Moreover, you need to show your passport when staying at casa’s (local homes), exchanging and withdrawing money and purchasing internet. The constant watching eye of the Government is made very clear and definitely doesn’t escape tourists either. As internet is extremely limited, you will need to purchase hourly cards ( $1-2 USD ) with a unique code that allows the Government to monitor and control what you access. This is a very high price for the locals to pay as one hour is equivalent to 10% of a monthly wage.
This may be hard to comprehend yet this is what the reality of Cuba is
On our travels for the first week we stayed at an all inclusive hotel in Cayo Coco; sure it was fun and beautiful but we were well aware that this was not the real Cuba (even the locals will tell you that). If you’re planning on travelling to Cuba we suggest you go off the tourist track and visit a more authentic Cuba – eat where the locals eat, take a ride on the local bus, stay with a Cuban family and see what Cuba is really about. We enjoyed our last two weeks exploring Cuba more than the whole week in a hotel.
You can’t help but feel disheartened for the Cuban people. Some have a sense of perseverance and hope that Cuba will one day change but at the same time many seem quite content with the current situation. There were so many occasions where we’d find ourselves battling with our minds about the injustices we saw along the way (or at least what we thought were). Why were things not changing? Why do they think this is all there is? Do they know there’s more out there? How long will this go on?

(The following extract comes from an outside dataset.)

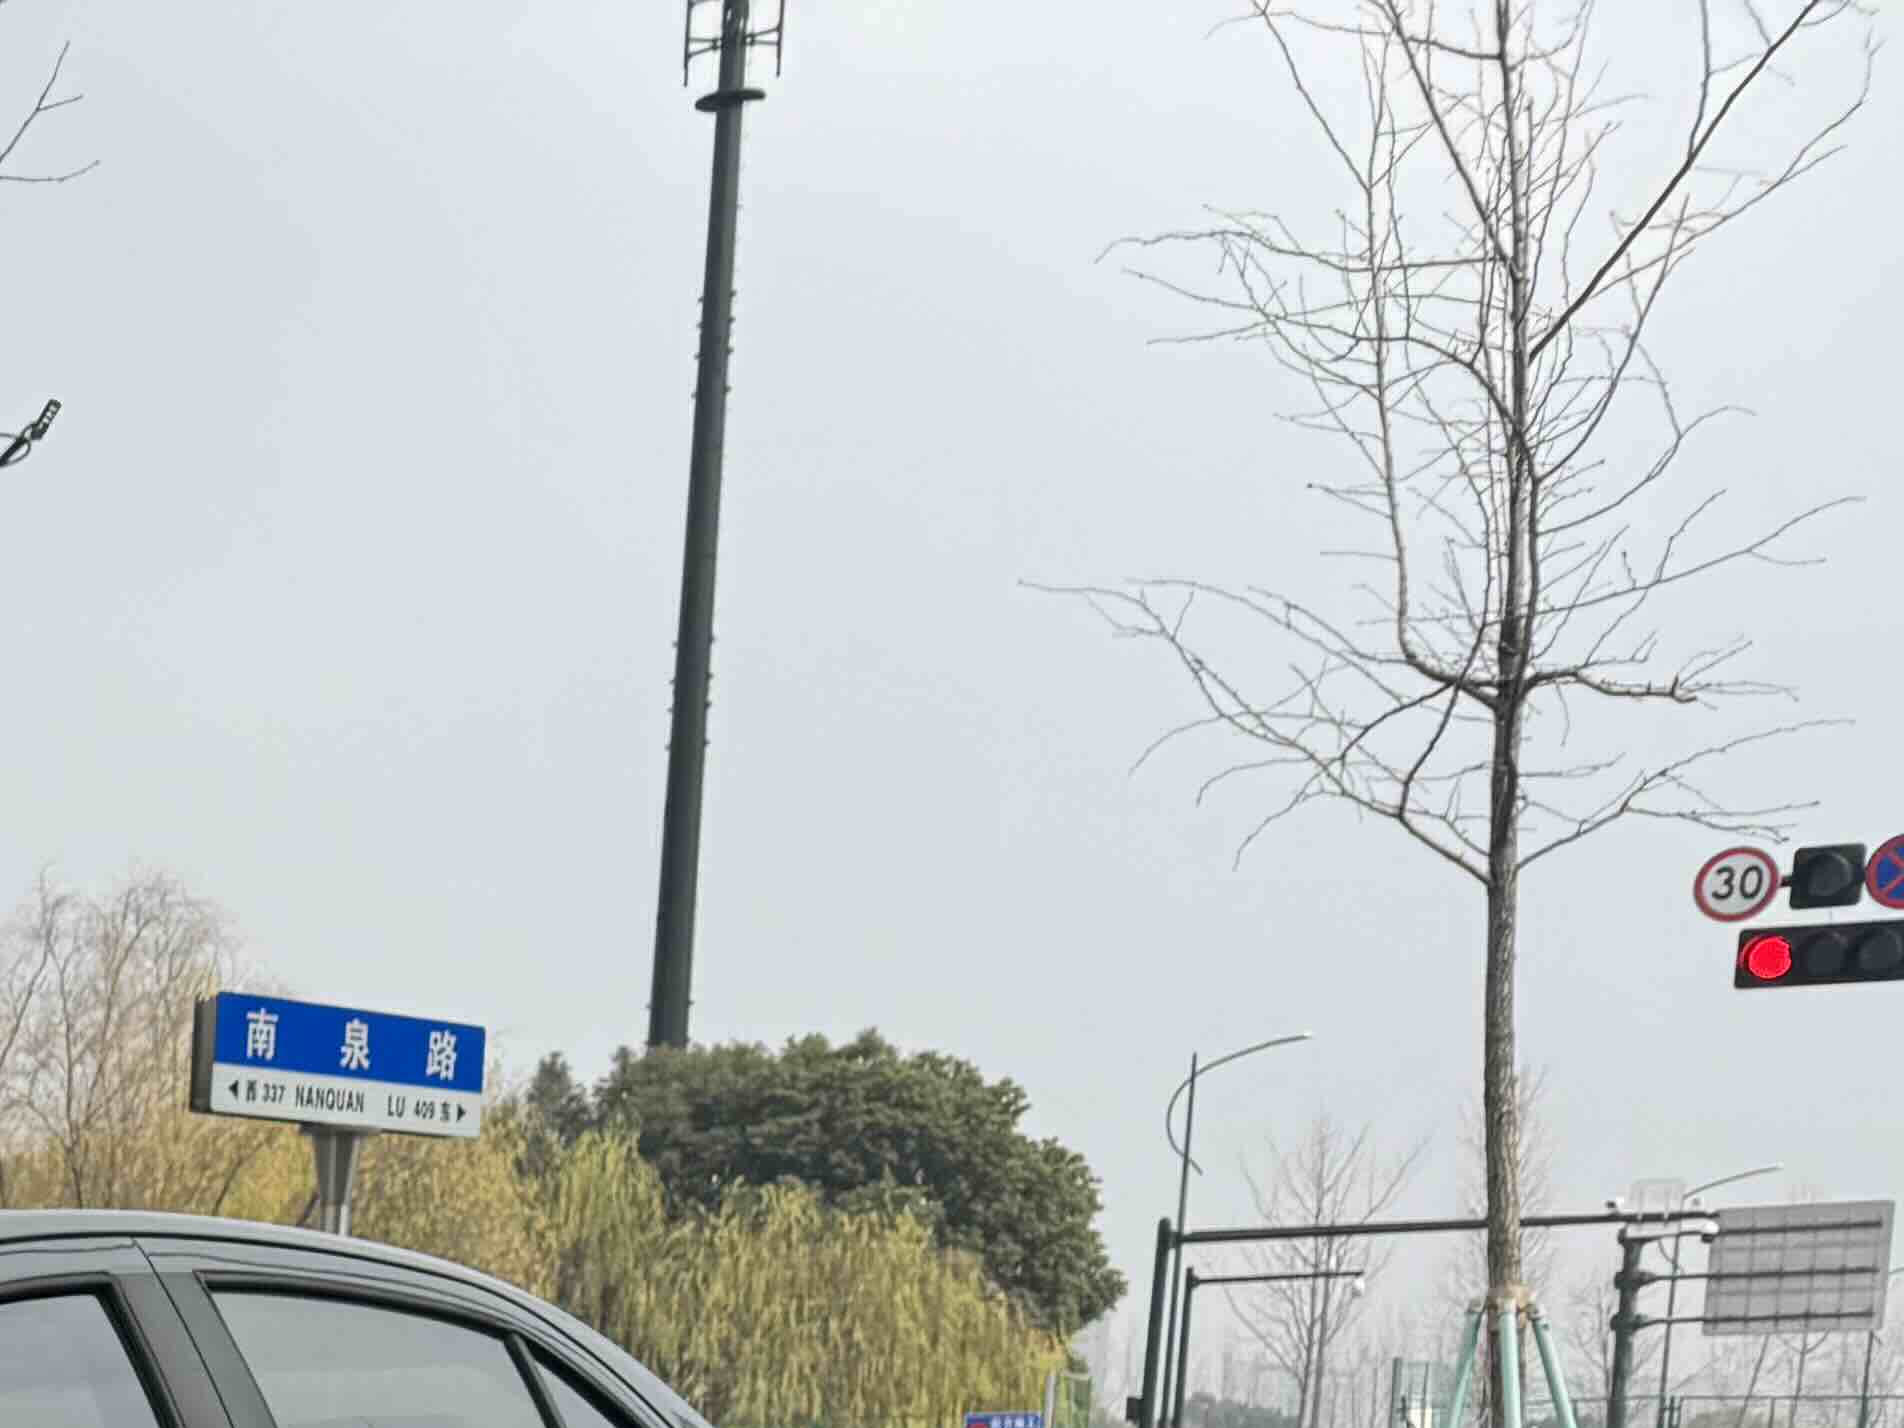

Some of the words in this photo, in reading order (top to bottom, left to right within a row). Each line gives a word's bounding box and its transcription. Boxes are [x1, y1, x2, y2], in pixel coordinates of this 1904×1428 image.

The other challenges we faced were conflicting thoughts about our own society. Have we become so consumeristic that we’ve lost sense of what matters most? Does happiness and life really amount to owning the latest fashion trend, the latest car model or a new home? Are we less connected to each other more than ever before?
The real Cuba no one tells you about is an eye-opening, value-challenging, change-of-perspective experience. It is a Cuba that is far more than the facade of tourism campaigns or controversial modern day revolution.
Cuba is like something you’ve probably never seen before. Would I recommend it? Probably not for your everyday vacay. But if you’re an open minded individual who desires a unique experience or needs a good shaking from the western world, then go for it.